Notwithstanding anything to the contrary contained herein, no party to this Agreement shall be responsible or liable for its failure to perform under this Agreement or for any losses to the Assets resulting from any event beyond the reasonable control of such party or its agents, including, but not limited to, nationalization, expropriation, devaluation, seizure or similar action by any governmental authority, de facto or de jure; or enactment, promulgation, imposition or enforcement by any such governmental authority of currency restrictions, exchange controls, levies or other charges affecting the Assets; or the breakdown, failure or malfunction of any utilities or telecommunications systems; or any order or regulation of any banking or securities industry including changes in market rules and market conditions affecting the execution or settlement of transactions; or acts or war, terrorism, insurrection or revolution; or acts of God, or any other similar event. In no event, shall any party be responsible for incidental, consequential or punitive damages hereunder.
  
The provisions of this Section shall survive the termination of this Agreement.
 
Articles 7 and 8 of the Distribution Agreement between the Registrant and Quasar Distributors, LLC provide:
 
ARTICLE 7. Indemnification of Distributor. The Trust agrees to indemnify, defend and hold harmless the Distributor and each of its directors, officers and employees (each, an “Indemnified Party” and together, the “Indemnified Parties”) against any loss, liability, claim, damages or expense (including the reasonable cost of investigating or defending any alleged loss, liability, claim, damages, or expense and reasonable counsel fees and disbursements incurred in connection therewith), (i) arising out of or based upon any allegation that the Registration Statement, Prospectus, Statement of Additional Information, shareholder reports, Communications with the Public or other information filed or made public by the Trust (as from time to time amended)

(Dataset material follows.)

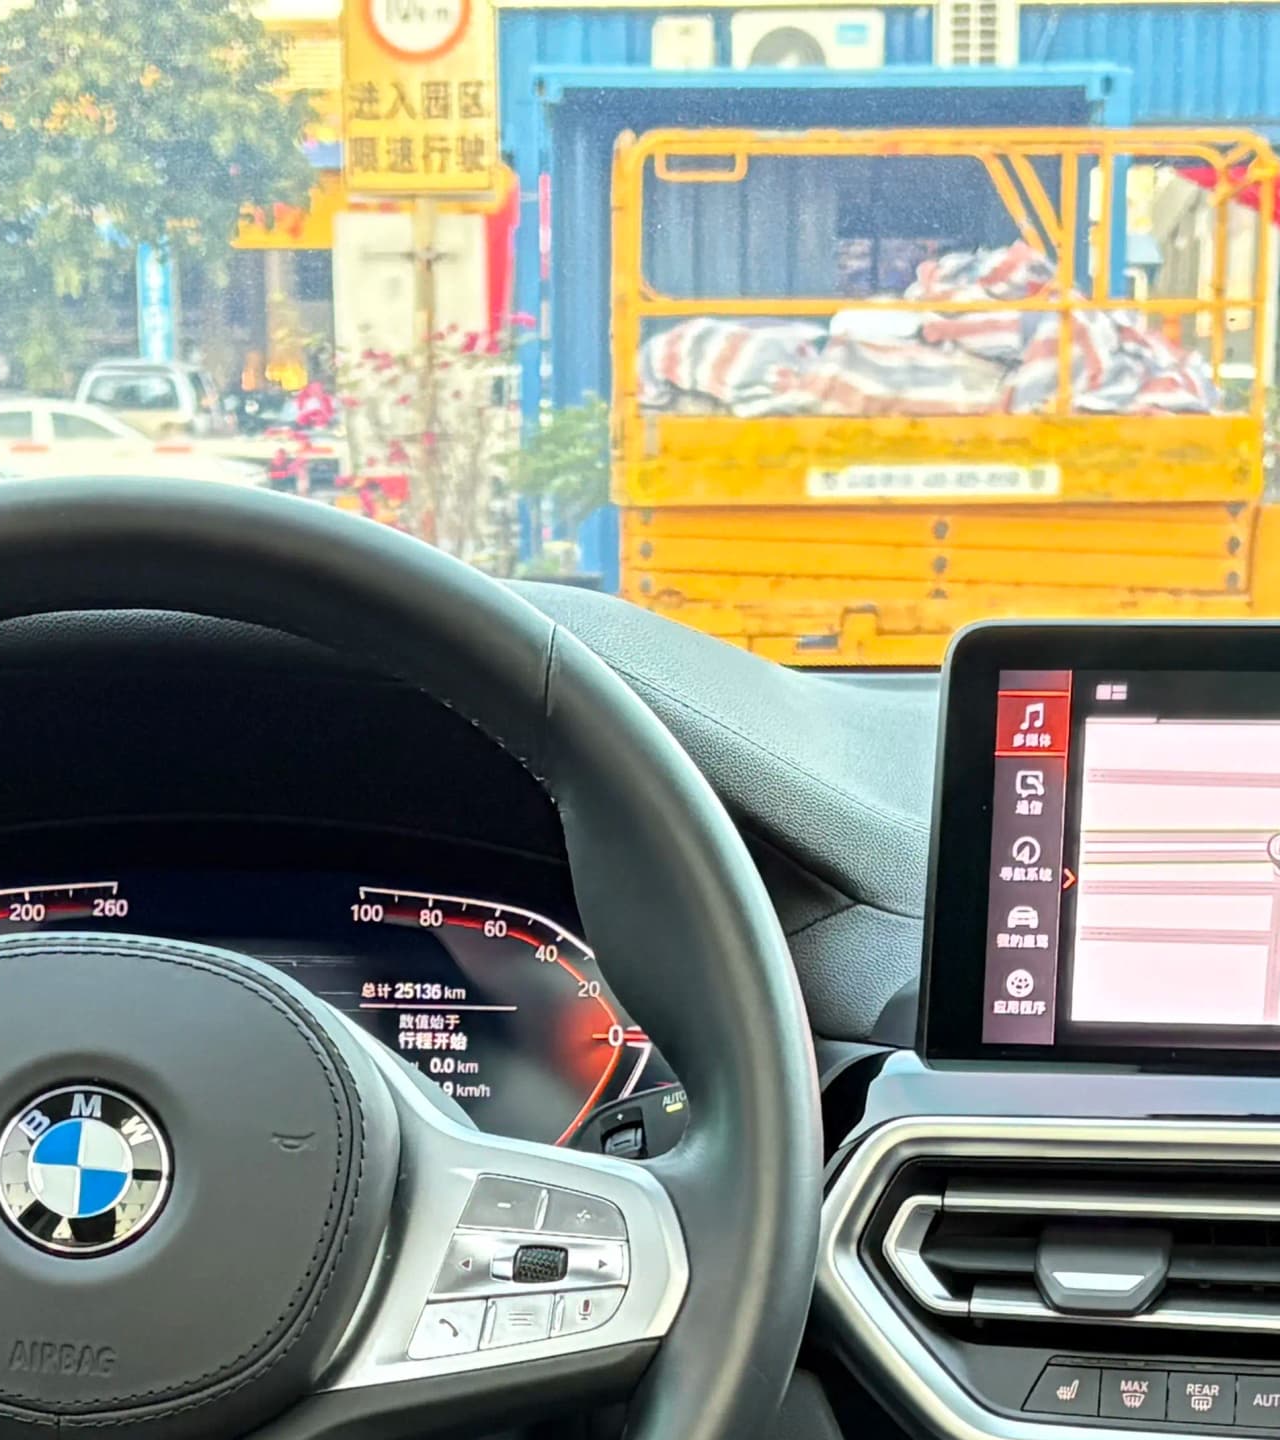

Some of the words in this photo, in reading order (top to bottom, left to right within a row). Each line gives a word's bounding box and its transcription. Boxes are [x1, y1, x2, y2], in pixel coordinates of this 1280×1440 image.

included an untrue statement of a material fact or omitted to state a material fact required to be stated therein or necessary in order to make the statements therein (and, in the case of the Prospectus and Statement of Additional Information, in light of the circumstances under which they were made) not misleading or (ii) any breach of any representation, warranty or covenant made by the Trust in this Agreement. However, the Trust does not agree to indemnify or hold harmless the Indemnified Parties to the extent that the statement or omission was made in reliance upon, and in conformity with, information furnished to the Trust by or on behalf of the Distributor.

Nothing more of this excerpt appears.